WHAT THIS TASK INVOLVES
Without the pictures, copy all the entries below exactly.

START EXTRACTED DATA

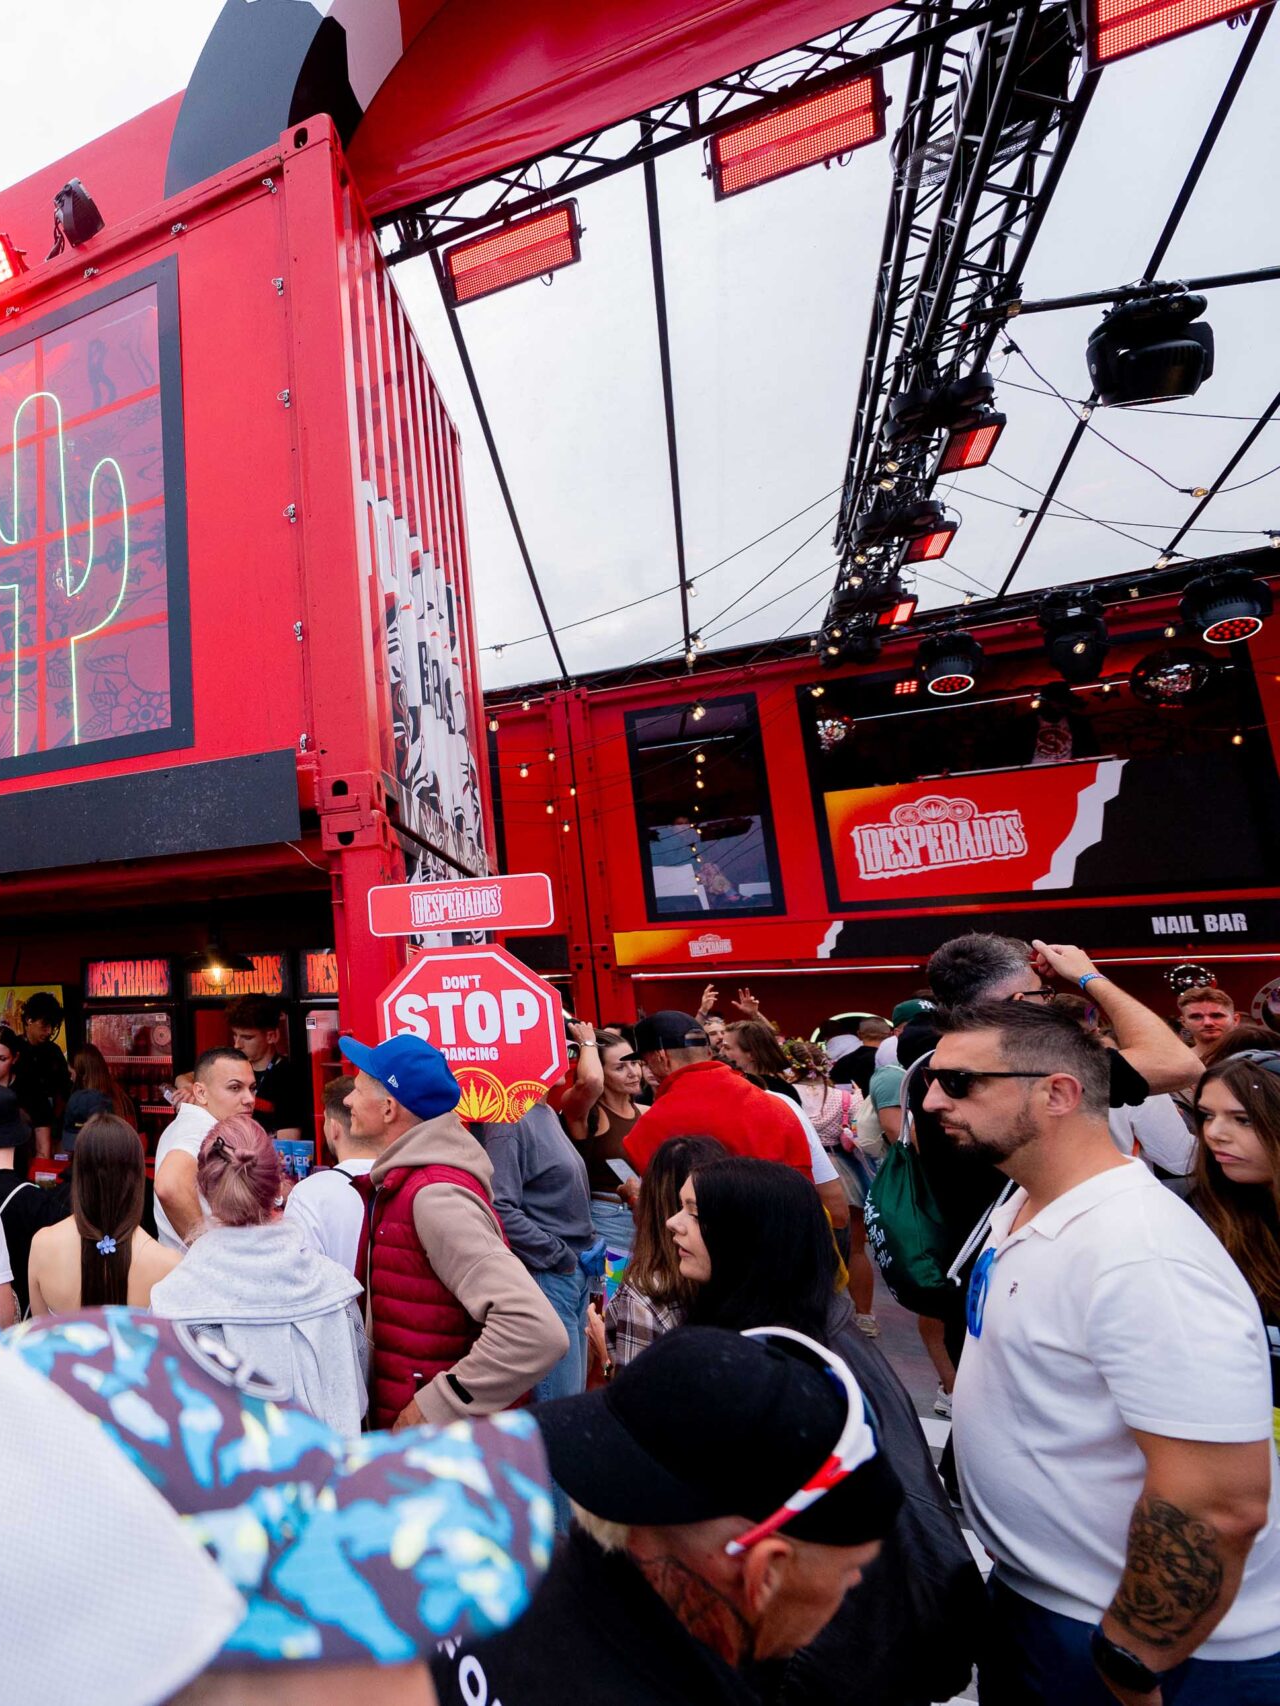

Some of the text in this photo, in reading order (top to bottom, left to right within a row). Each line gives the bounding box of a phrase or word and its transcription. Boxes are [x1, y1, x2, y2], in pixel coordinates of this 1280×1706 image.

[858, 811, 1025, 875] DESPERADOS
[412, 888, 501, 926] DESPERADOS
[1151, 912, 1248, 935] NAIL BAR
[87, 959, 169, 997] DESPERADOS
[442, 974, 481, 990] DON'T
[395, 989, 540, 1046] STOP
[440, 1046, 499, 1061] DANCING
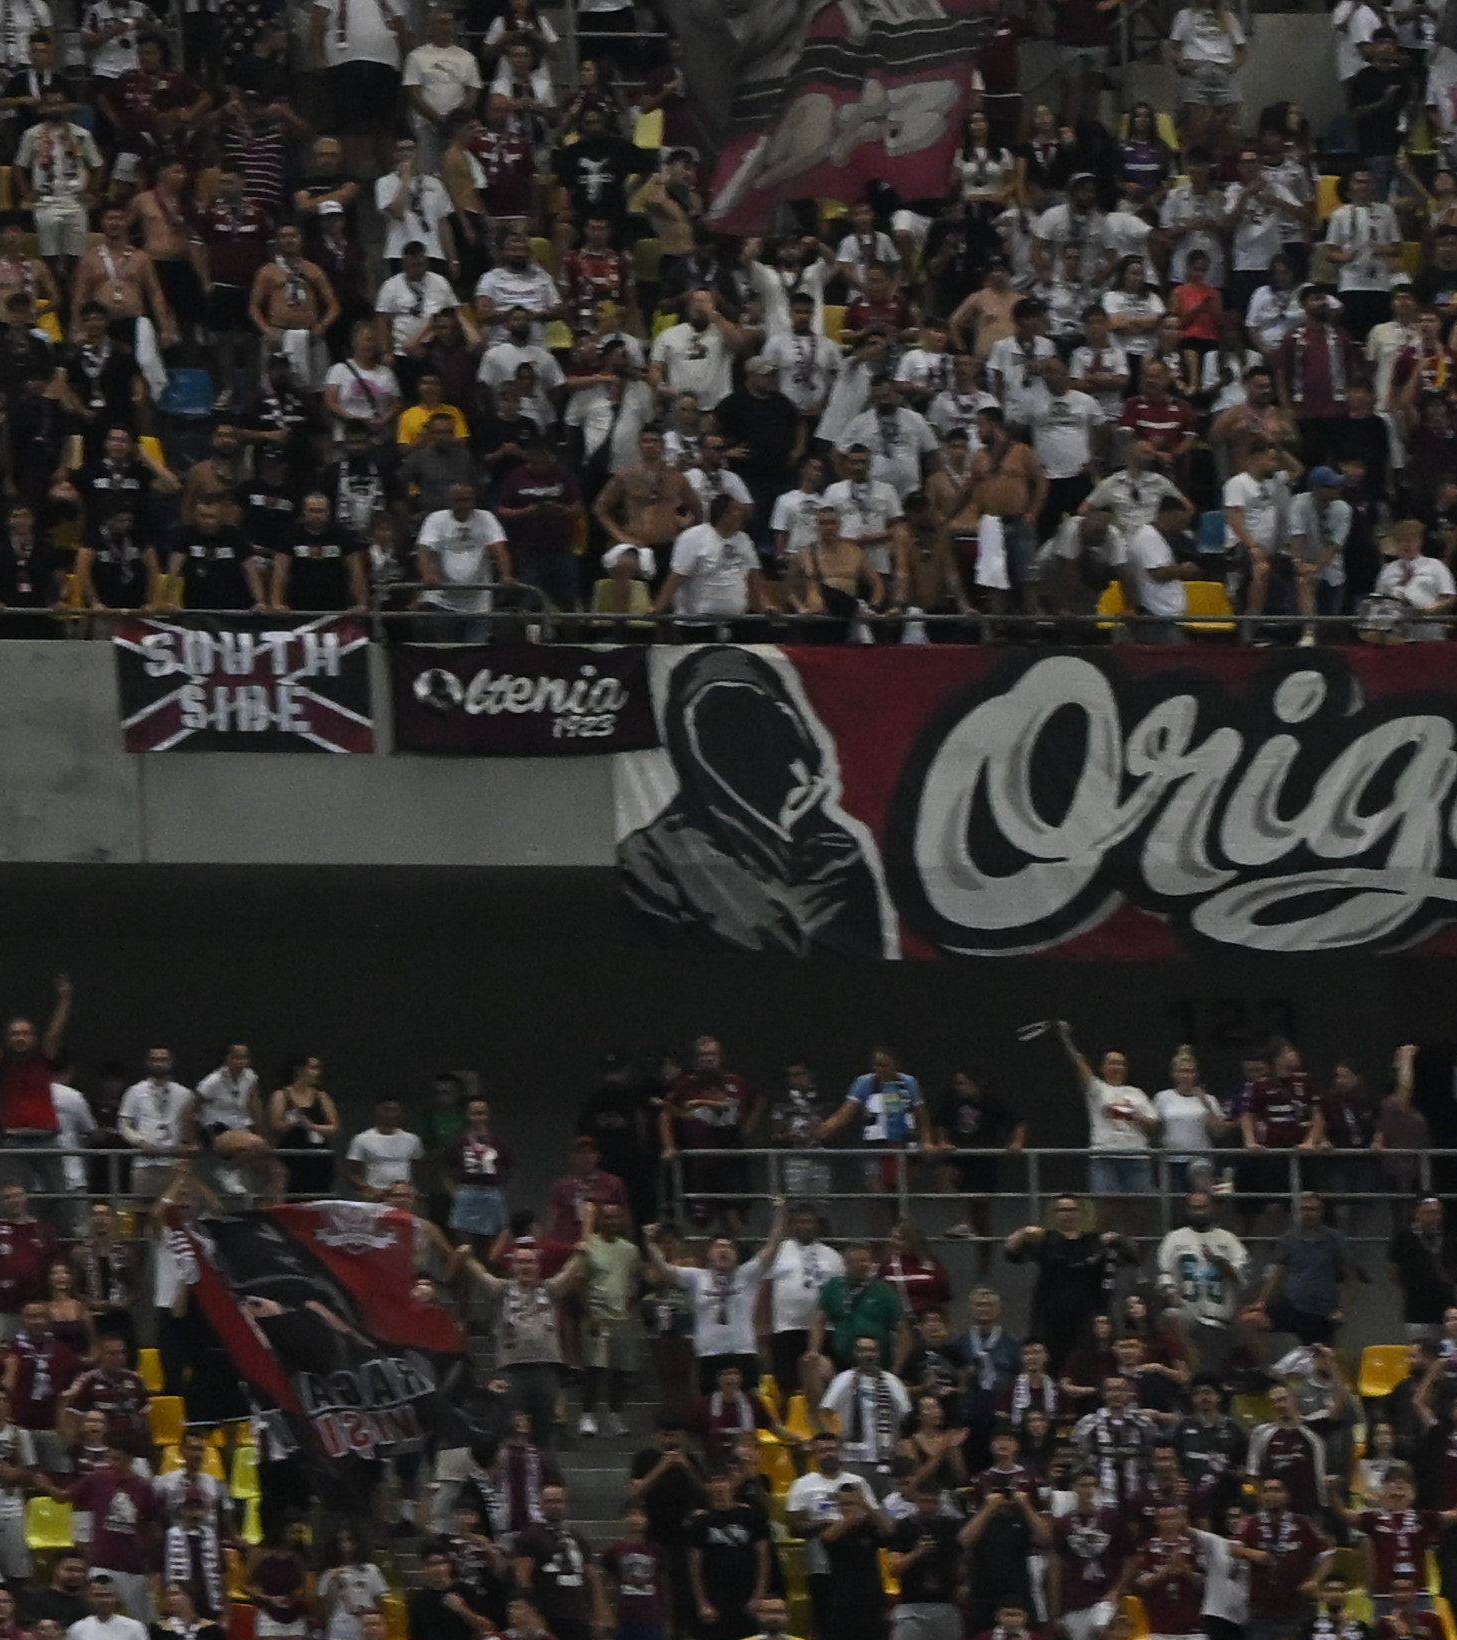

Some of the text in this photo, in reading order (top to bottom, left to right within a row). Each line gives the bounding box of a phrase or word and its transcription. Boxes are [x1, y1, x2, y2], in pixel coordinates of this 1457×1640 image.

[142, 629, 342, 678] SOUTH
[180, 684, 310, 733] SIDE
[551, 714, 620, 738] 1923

END EXTRACTED DATA

SOLUTION
Some of the text in this photo, in reading order (top to bottom, left to right within a row). Each line gives the bounding box of a phrase or word and its transcription. Boxes are [x1, y1, x2, y2], in pixel coordinates of this 1280×1706 image.

[858, 811, 1025, 875] DESPERADOS
[412, 888, 501, 926] DESPERADOS
[1151, 912, 1248, 935] NAIL BAR
[87, 959, 169, 997] DESPERADOS
[442, 974, 481, 990] DON'T
[395, 989, 540, 1046] STOP
[440, 1046, 499, 1061] DANCING

Some of the text in this photo, in reading order (top to bottom, left to right within a row). Each line gives the bounding box of a phrase or word and its transcription. Boxes are [x1, y1, x2, y2], in pixel coordinates of this 1457×1640 image.

[142, 629, 342, 678] SOUTH
[180, 684, 310, 733] SIDE
[551, 714, 620, 738] 1923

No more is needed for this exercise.